Extracted data:
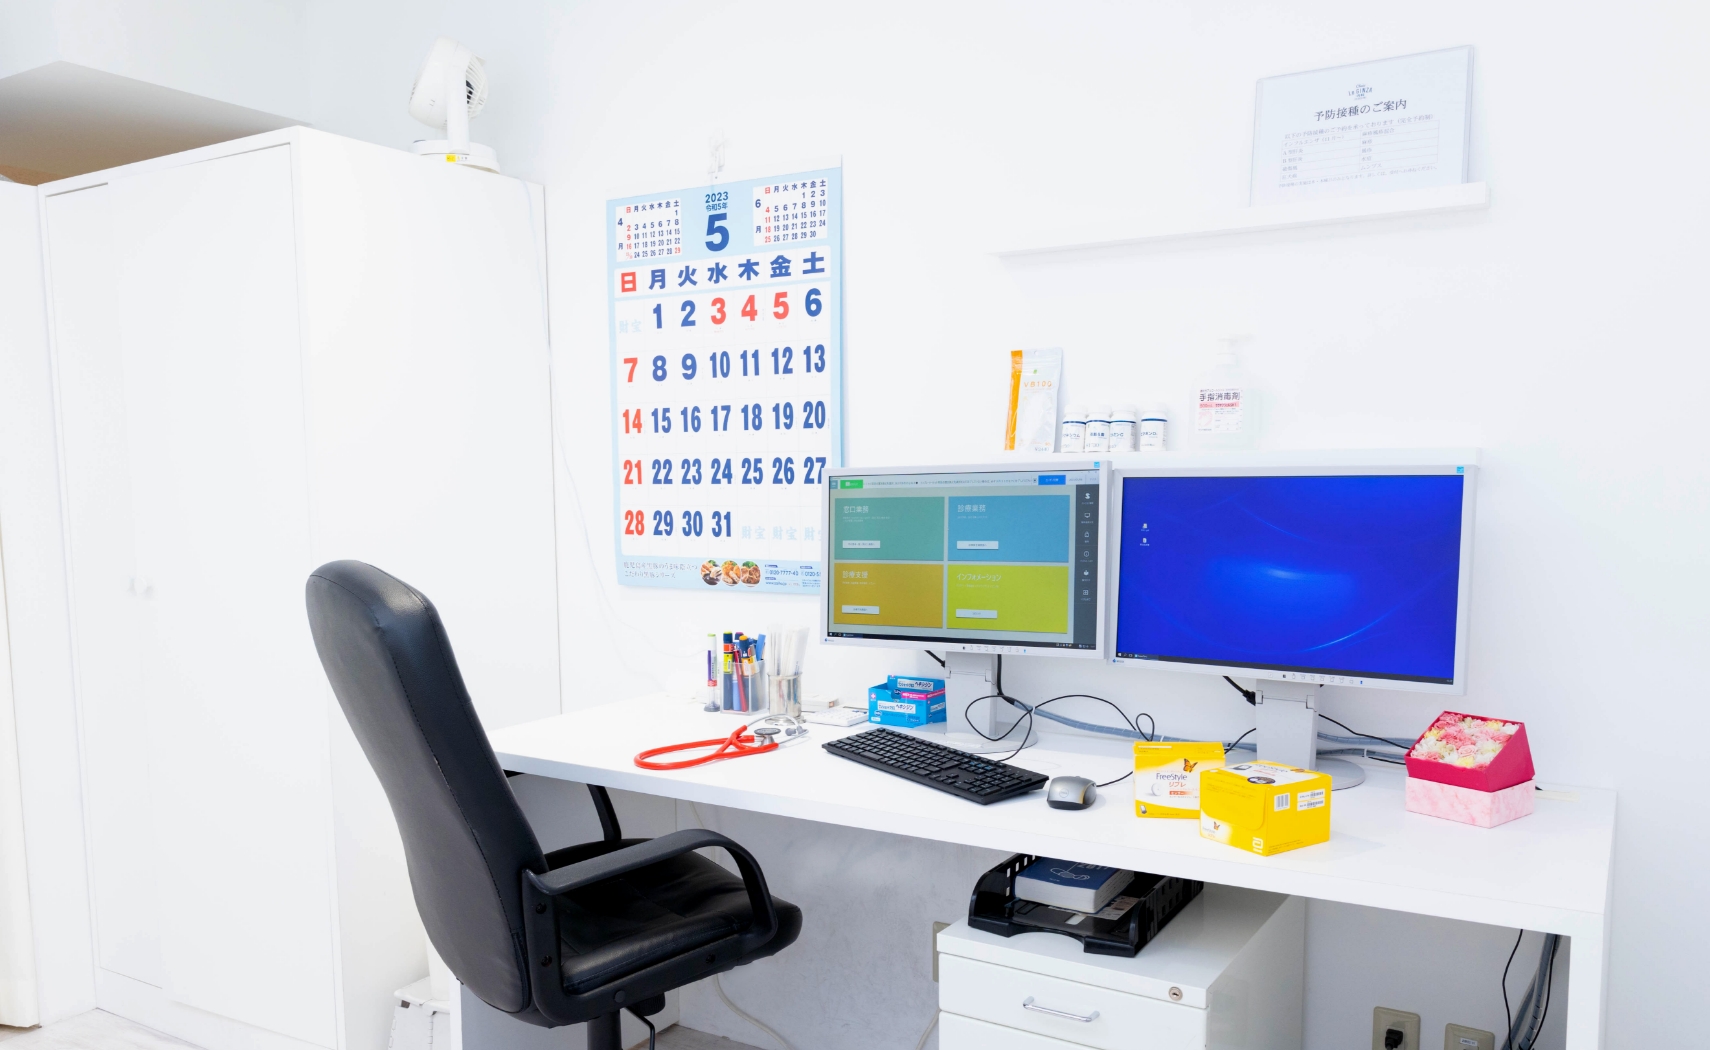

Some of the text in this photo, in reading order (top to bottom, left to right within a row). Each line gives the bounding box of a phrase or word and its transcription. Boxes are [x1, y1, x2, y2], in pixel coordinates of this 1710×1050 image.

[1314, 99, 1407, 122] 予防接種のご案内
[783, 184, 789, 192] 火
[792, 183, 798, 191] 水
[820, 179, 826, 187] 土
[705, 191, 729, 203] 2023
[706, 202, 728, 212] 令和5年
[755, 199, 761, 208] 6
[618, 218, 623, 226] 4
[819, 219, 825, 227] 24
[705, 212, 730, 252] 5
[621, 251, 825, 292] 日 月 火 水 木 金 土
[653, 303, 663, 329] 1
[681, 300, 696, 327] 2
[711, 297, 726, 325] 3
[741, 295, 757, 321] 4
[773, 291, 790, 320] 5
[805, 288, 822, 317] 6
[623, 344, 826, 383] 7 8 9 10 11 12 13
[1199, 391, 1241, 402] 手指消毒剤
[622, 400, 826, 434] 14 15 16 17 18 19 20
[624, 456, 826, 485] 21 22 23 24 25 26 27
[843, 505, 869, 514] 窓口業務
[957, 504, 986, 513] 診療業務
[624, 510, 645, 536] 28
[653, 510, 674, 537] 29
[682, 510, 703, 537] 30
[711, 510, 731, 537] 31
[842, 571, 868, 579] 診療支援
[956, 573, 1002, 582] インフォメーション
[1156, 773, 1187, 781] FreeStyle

What this task involves: Copy every entry above exactly as it stands, but leave the pictures out.

Solution:
Some of the text in this photo, in reading order (top to bottom, left to right within a row). Each line gives the bounding box of a phrase or word and its transcription. Boxes are [x1, y1, x2, y2], in pixel coordinates of this 1710×1050 image.

[1314, 99, 1407, 122] 予防接種のご案内
[783, 184, 789, 192] 火
[792, 183, 798, 191] 水
[820, 179, 826, 187] 土
[705, 191, 729, 203] 2023
[706, 202, 728, 212] 令和5年
[755, 199, 761, 208] 6
[618, 218, 623, 226] 4
[819, 219, 825, 227] 24
[705, 212, 730, 252] 5
[621, 251, 825, 292] 日 月 火 水 木 金 土
[653, 303, 663, 329] 1
[681, 300, 696, 327] 2
[711, 297, 726, 325] 3
[741, 295, 757, 321] 4
[773, 291, 790, 320] 5
[805, 288, 822, 317] 6
[623, 344, 826, 383] 7 8 9 10 11 12 13
[1199, 391, 1241, 402] 手指消毒剤
[622, 400, 826, 434] 14 15 16 17 18 19 20
[624, 456, 826, 485] 21 22 23 24 25 26 27
[843, 505, 869, 514] 窓口業務
[957, 504, 986, 513] 診療業務
[624, 510, 645, 536] 28
[653, 510, 674, 537] 29
[682, 510, 703, 537] 30
[711, 510, 731, 537] 31
[842, 571, 868, 579] 診療支援
[956, 573, 1002, 582] インフォメーション
[1156, 773, 1187, 781] FreeStyle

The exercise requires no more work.